§ **What the exercise asks**
Return each line of the data below verbatim; pictures are to be left out.

§ **Exercise inputs**
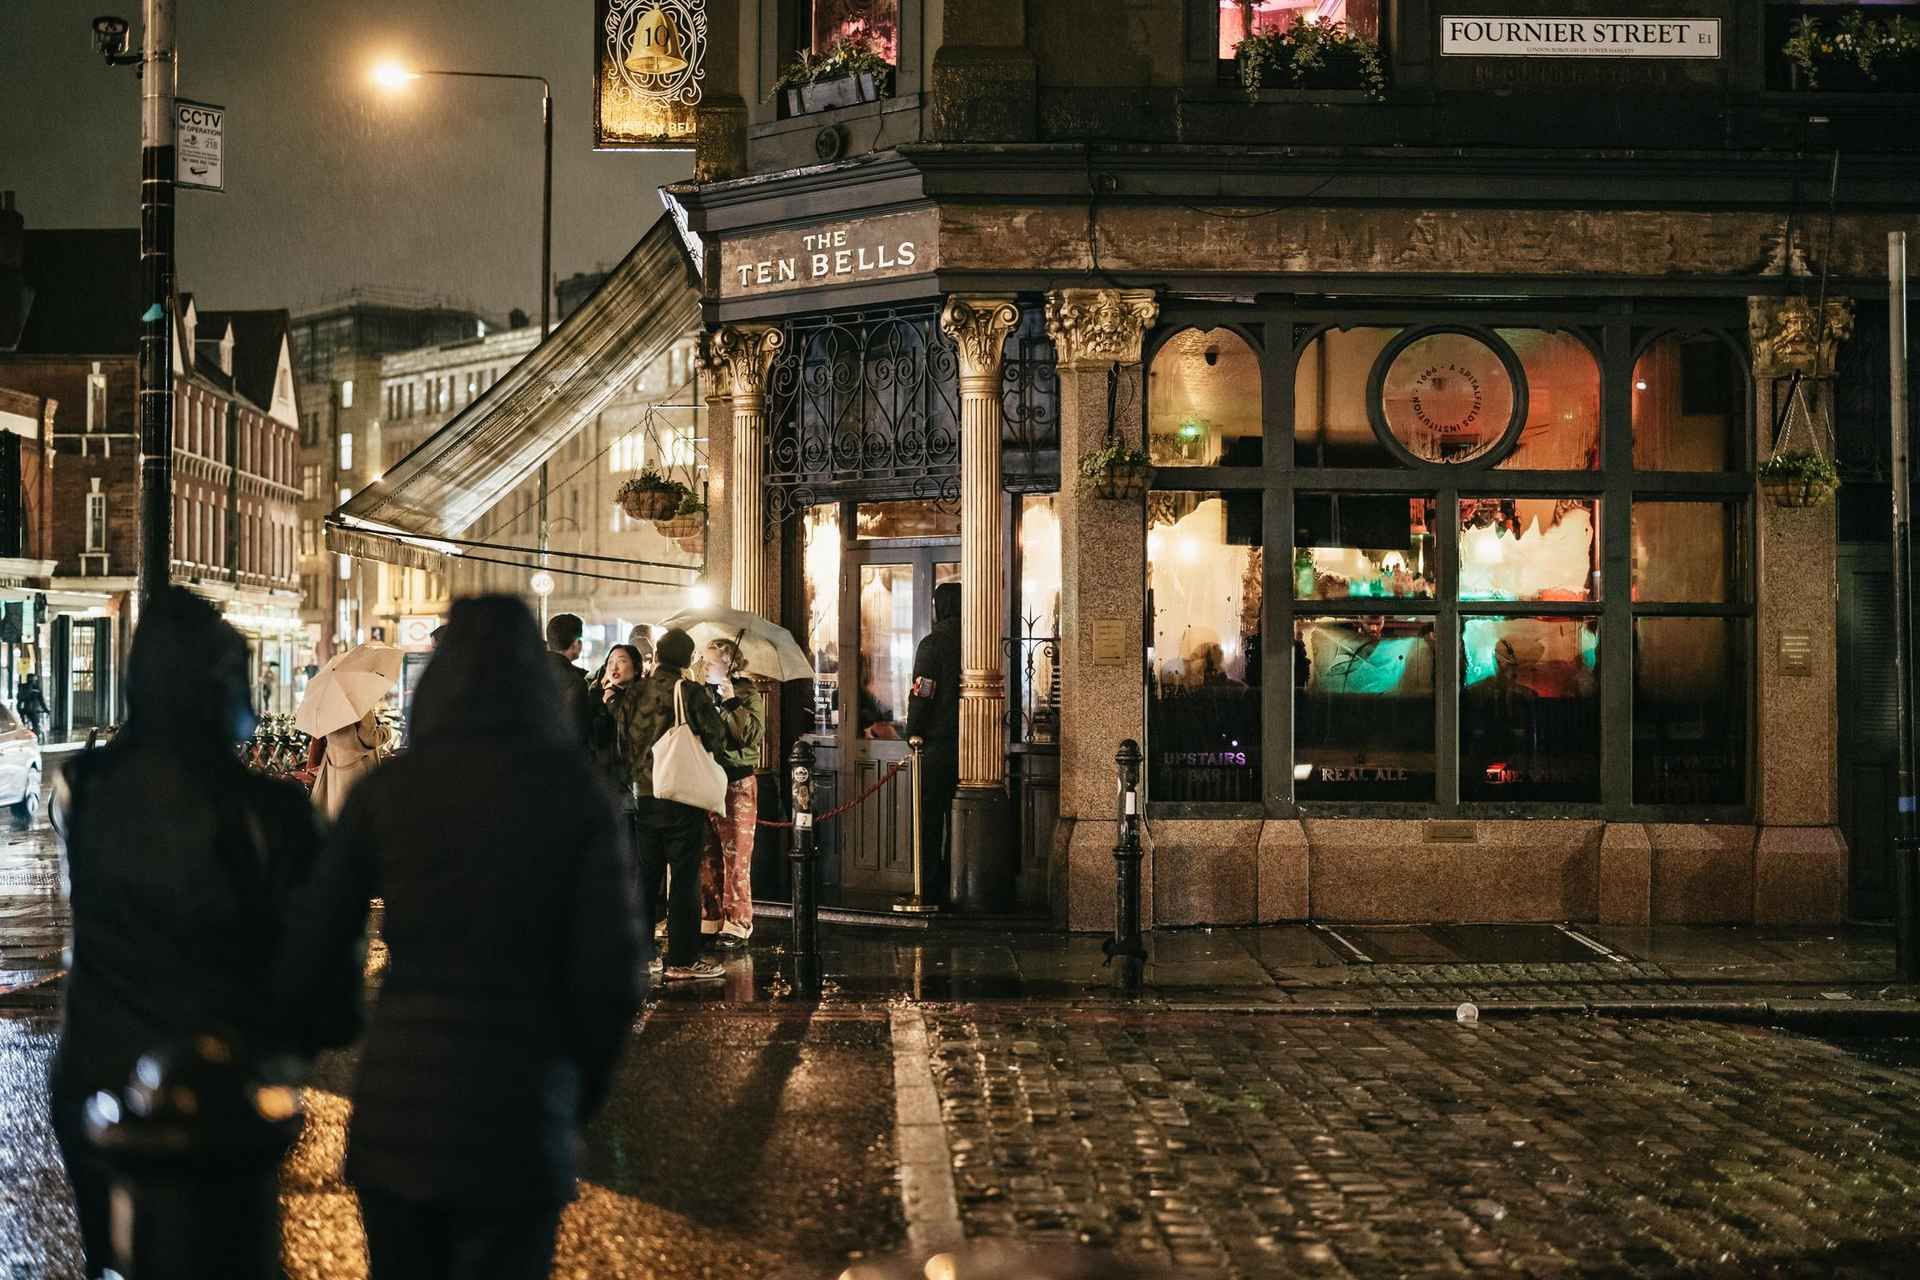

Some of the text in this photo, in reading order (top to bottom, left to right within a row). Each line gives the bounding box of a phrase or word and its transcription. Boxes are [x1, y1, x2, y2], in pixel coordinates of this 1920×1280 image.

[644, 24, 669, 48] 10
[1450, 21, 1712, 44] FOURNIER STREET E1
[180, 108, 220, 128] CCTV
[186, 125, 222, 136] OPERATION
[802, 230, 847, 251] THE
[736, 241, 916, 287] TEN BELLS
[1459, 367, 1482, 427] SPITALFIELDS
[1411, 396, 1462, 433] INSTITUTION
[1163, 752, 1247, 766] UPSTAIRS
[1321, 767, 1408, 781] REAL ALE
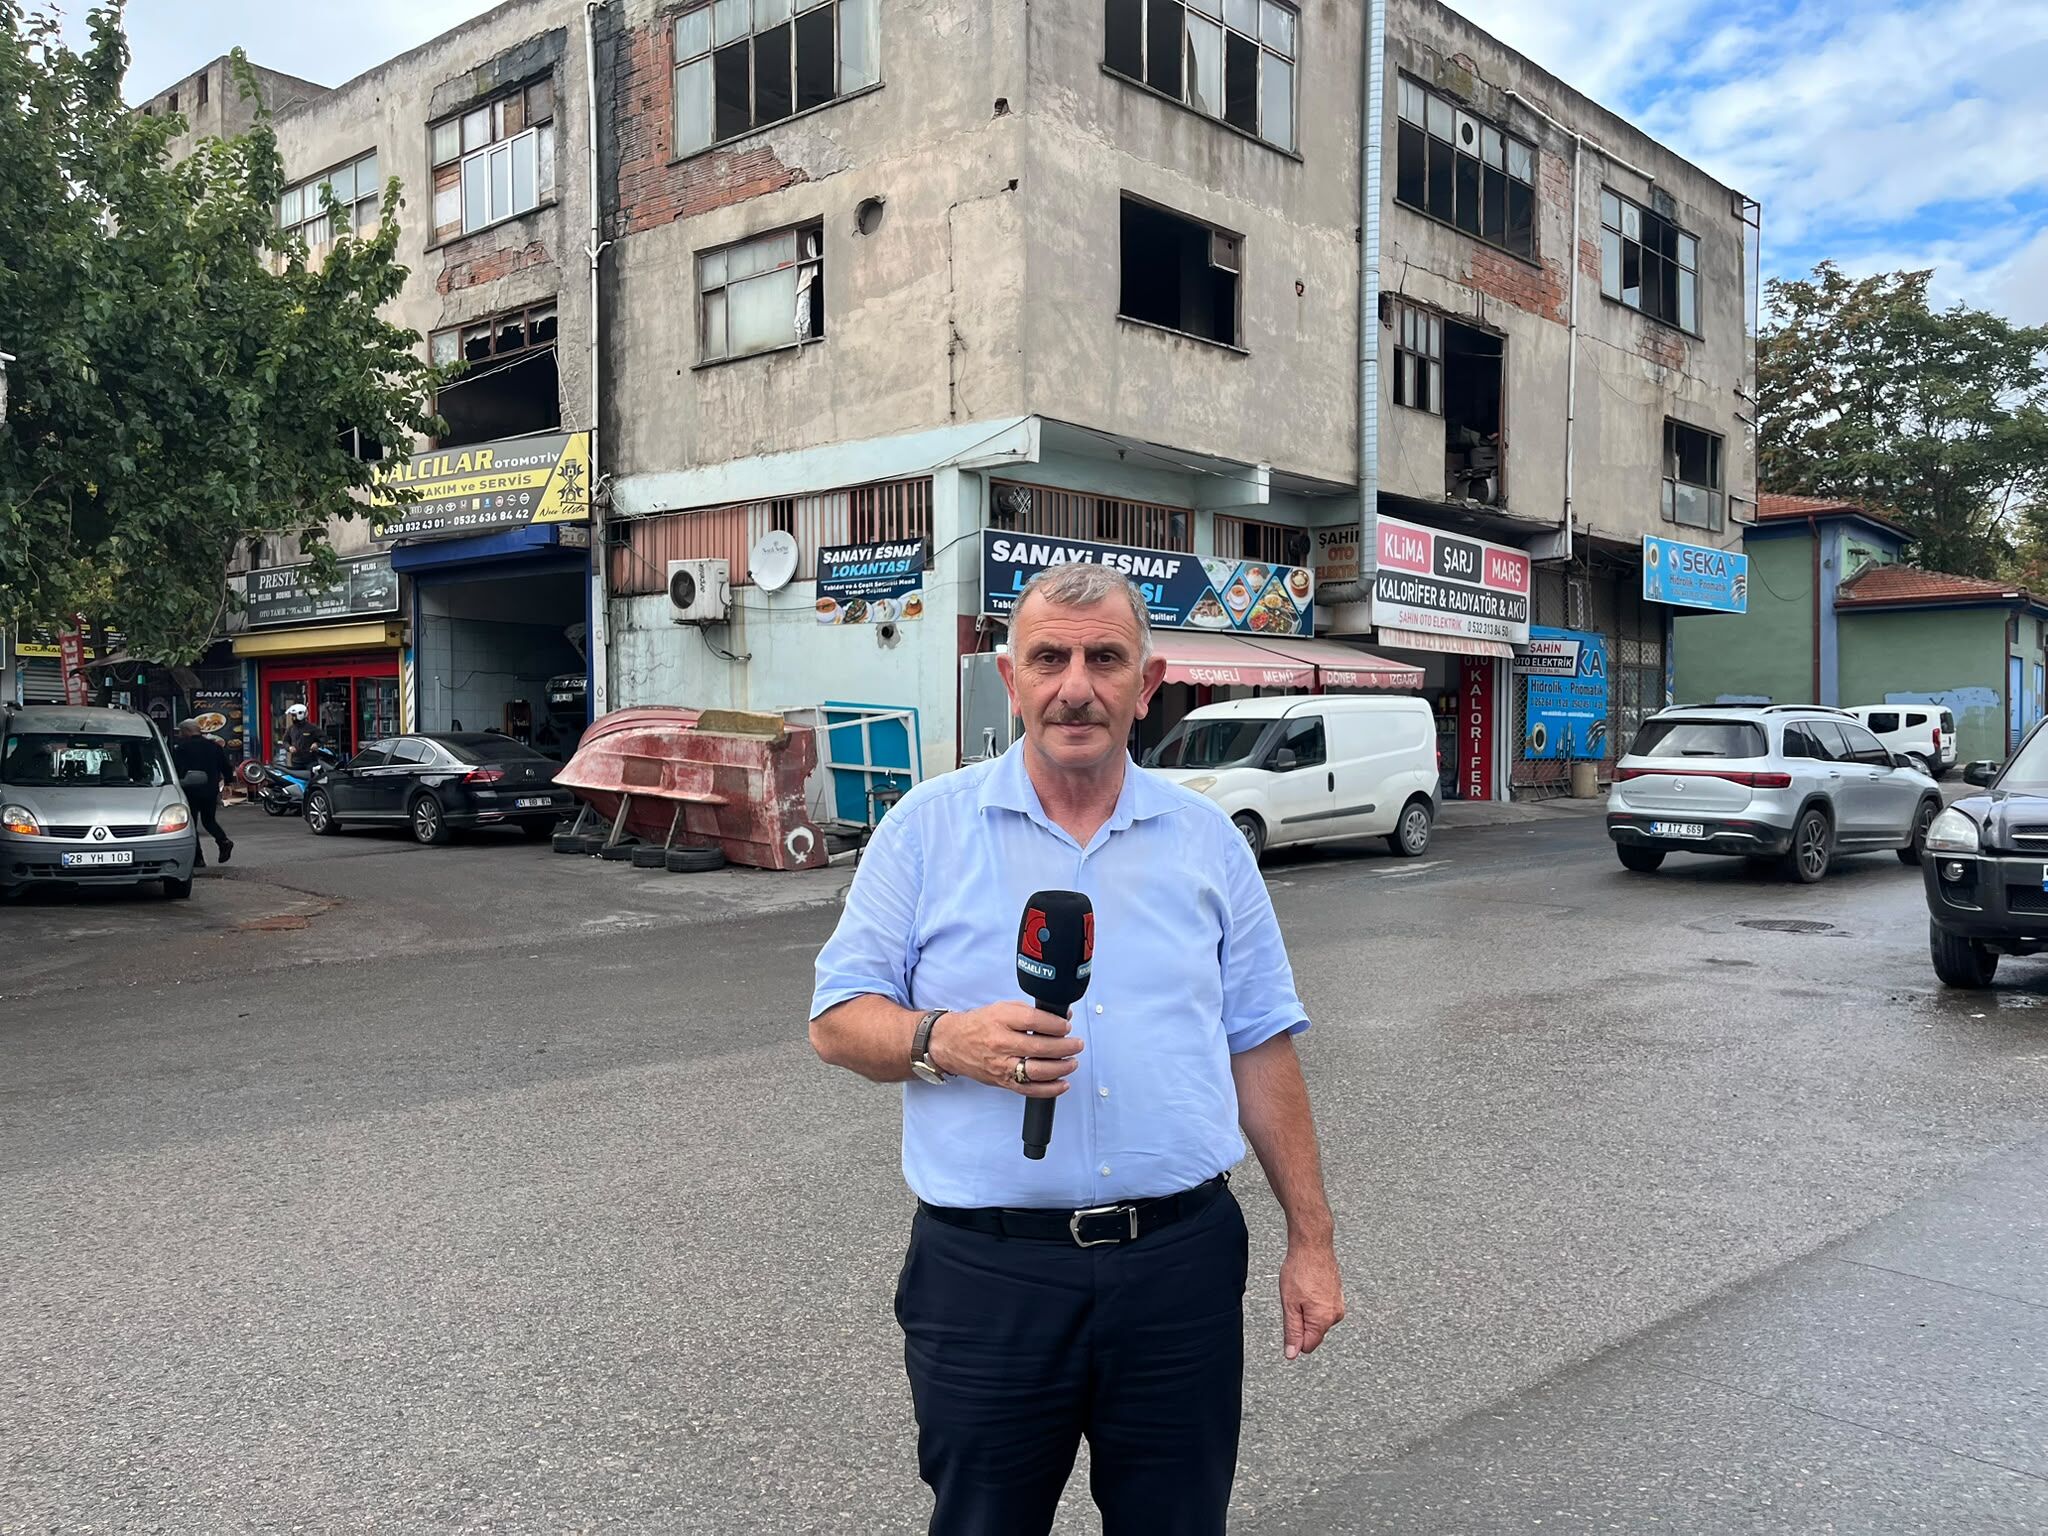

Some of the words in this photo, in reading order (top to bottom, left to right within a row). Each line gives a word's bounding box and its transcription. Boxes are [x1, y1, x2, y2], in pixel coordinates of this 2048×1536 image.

[494, 452, 560, 469] OTOMOTİV
[461, 482, 475, 492] ve
[479, 474, 532, 489] SERVİS
[405, 521, 421, 532] 032
[422, 519, 433, 530] 43
[434, 518, 445, 529] 01
[453, 513, 477, 526] 0532
[479, 512, 497, 523] 636
[500, 510, 515, 521] 84
[516, 508, 529, 520] 42
[875, 543, 921, 559] ESNAF
[1328, 546, 1355, 561] OTO
[1443, 546, 1473, 574] ŞARJ
[832, 560, 911, 578] LOKANTASI
[1101, 552, 1181, 579] ESNAF
[1491, 557, 1522, 587] MARŞ
[1682, 549, 1728, 578] SEKA
[1379, 578, 1437, 607] KALORİFER
[1439, 592, 1446, 607] &
[1449, 591, 1497, 616] RADYATÖR
[1498, 602, 1506, 617] &
[1508, 599, 1526, 620] AKÜ
[1149, 613, 1176, 622] eşitleri
[1420, 613, 1432, 626] OTO
[1472, 621, 1482, 633] 532
[1483, 623, 1494, 635] 313
[1494, 624, 1501, 636] 84
[1501, 625, 1509, 637] 50
[1514, 657, 1530, 667] OTO
[1531, 656, 1573, 668] ELEKTRİK
[1578, 648, 1605, 679] KA
[1189, 668, 1241, 683] SEÇMELİ
[1262, 669, 1294, 683] MENÜ
[1388, 673, 1419, 685] IZGARA
[1470, 669, 1482, 797] KALORİFER
[1667, 823, 1682, 833] ATZ
[1686, 825, 1702, 834] 669
[69, 854, 83, 864] 28
[90, 853, 104, 862] YH
[111, 853, 131, 862] 103
[1042, 968, 1053, 977] TV

§ **Task response**
Some of the text in this photo, in reading order (top to bottom, left to right within a row). Each line gives the bounding box of a phrase or word and its transcription. Boxes are [x1, y1, x2, y2], in pixel coordinates of this 1920×1280 image.

[644, 24, 669, 48] 10
[1450, 21, 1712, 44] FOURNIER STREET E1
[180, 108, 220, 128] CCTV
[186, 125, 222, 136] OPERATION
[802, 230, 847, 251] THE
[736, 241, 916, 287] TEN BELLS
[1459, 367, 1482, 427] SPITALFIELDS
[1411, 396, 1462, 433] INSTITUTION
[1163, 752, 1247, 766] UPSTAIRS
[1321, 767, 1408, 781] REAL ALE

Some of the words in this photo, in reading order (top to bottom, left to right within a row). Each line gives a word's bounding box and its transcription. Boxes are [x1, y1, x2, y2], in pixel coordinates of this 2048×1536 image.

[494, 452, 560, 469] OTOMOTİV
[461, 482, 475, 492] ve
[479, 474, 532, 489] SERVİS
[405, 521, 421, 532] 032
[422, 519, 433, 530] 43
[434, 518, 445, 529] 01
[453, 513, 477, 526] 0532
[479, 512, 497, 523] 636
[500, 510, 515, 521] 84
[516, 508, 529, 520] 42
[875, 543, 921, 559] ESNAF
[1328, 546, 1355, 561] OTO
[1443, 546, 1473, 574] ŞARJ
[832, 560, 911, 578] LOKANTASI
[1101, 552, 1181, 579] ESNAF
[1491, 557, 1522, 587] MARŞ
[1682, 549, 1728, 578] SEKA
[1379, 578, 1437, 607] KALORİFER
[1439, 592, 1446, 607] &
[1449, 591, 1497, 616] RADYATÖR
[1498, 602, 1506, 617] &
[1508, 599, 1526, 620] AKÜ
[1149, 613, 1176, 622] eşitleri
[1420, 613, 1432, 626] OTO
[1472, 621, 1482, 633] 532
[1483, 623, 1494, 635] 313
[1494, 624, 1501, 636] 84
[1501, 625, 1509, 637] 50
[1514, 657, 1530, 667] OTO
[1531, 656, 1573, 668] ELEKTRİK
[1578, 648, 1605, 679] KA
[1189, 668, 1241, 683] SEÇMELİ
[1262, 669, 1294, 683] MENÜ
[1388, 673, 1419, 685] IZGARA
[1470, 669, 1482, 797] KALORİFER
[1667, 823, 1682, 833] ATZ
[1686, 825, 1702, 834] 669
[69, 854, 83, 864] 28
[90, 853, 104, 862] YH
[111, 853, 131, 862] 103
[1042, 968, 1053, 977] TV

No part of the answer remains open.